:: Exercise requirements ::
The response has to reproduce all entries exactly while excluding their pictures.

=-=-=

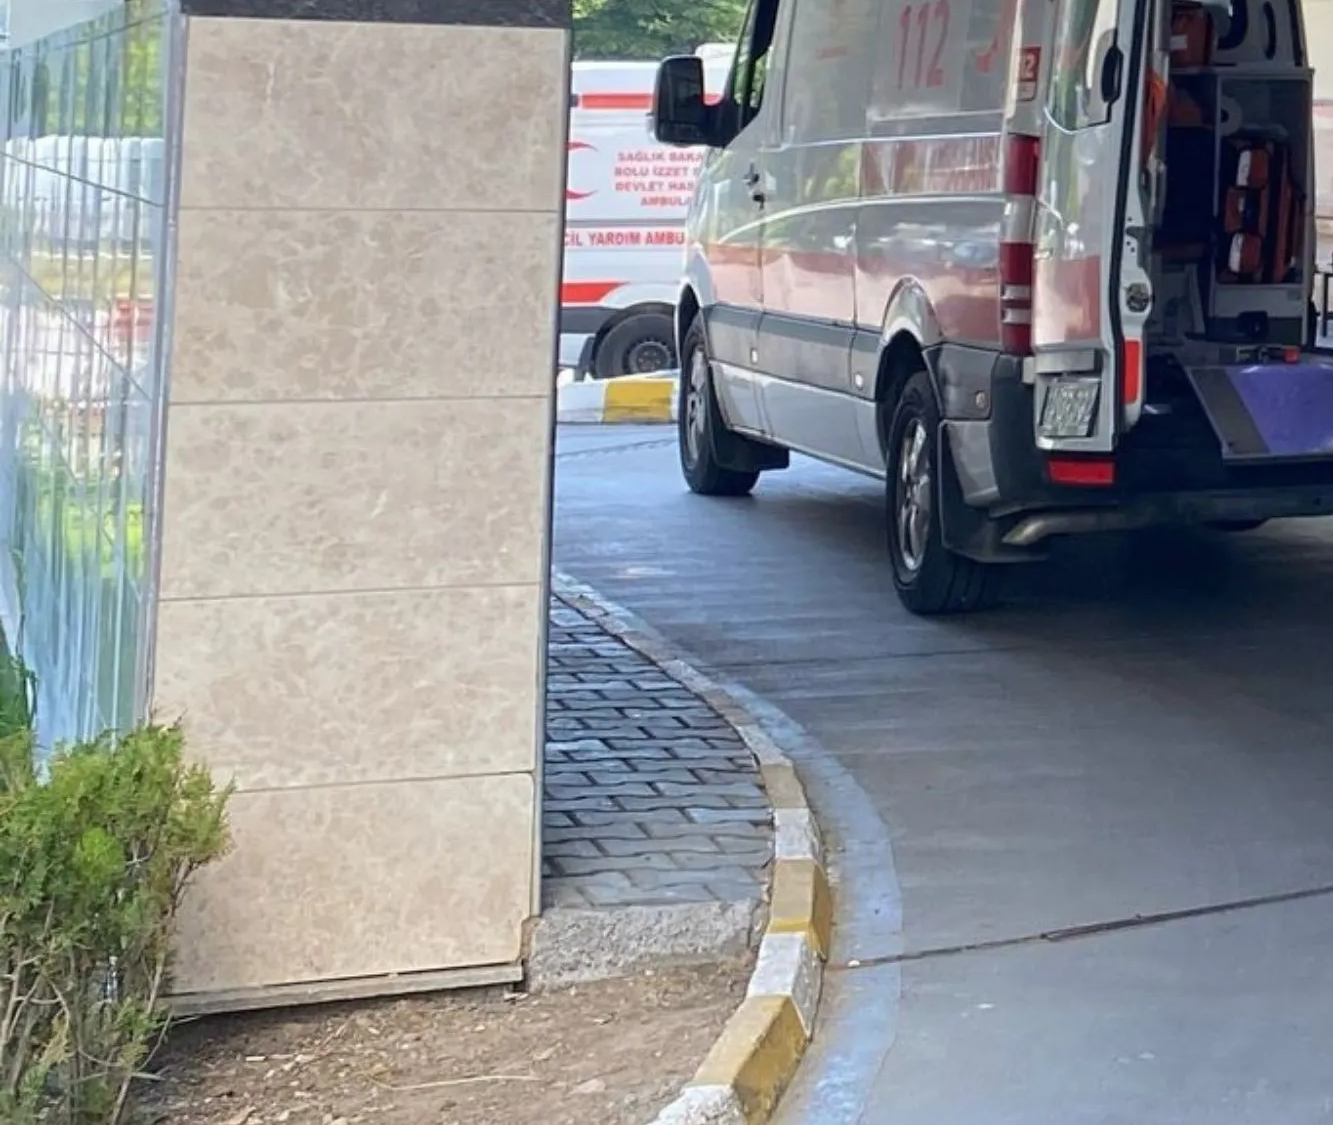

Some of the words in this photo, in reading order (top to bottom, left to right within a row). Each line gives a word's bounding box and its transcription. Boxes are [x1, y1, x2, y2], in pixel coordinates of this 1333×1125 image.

[617, 150, 665, 162] SAĞLIK
[614, 166, 649, 176] BOLU
[615, 181, 665, 192] DEVLET
[588, 231, 641, 246] YARDIM

=-=-=

:: Solution ::
Some of the words in this photo, in reading order (top to bottom, left to right within a row). Each line gives a word's bounding box and its transcription. Boxes are [x1, y1, x2, y2], in pixel coordinates of this 1333×1125 image.

[617, 150, 665, 162] SAĞLIK
[614, 166, 649, 176] BOLU
[615, 181, 665, 192] DEVLET
[588, 231, 641, 246] YARDIM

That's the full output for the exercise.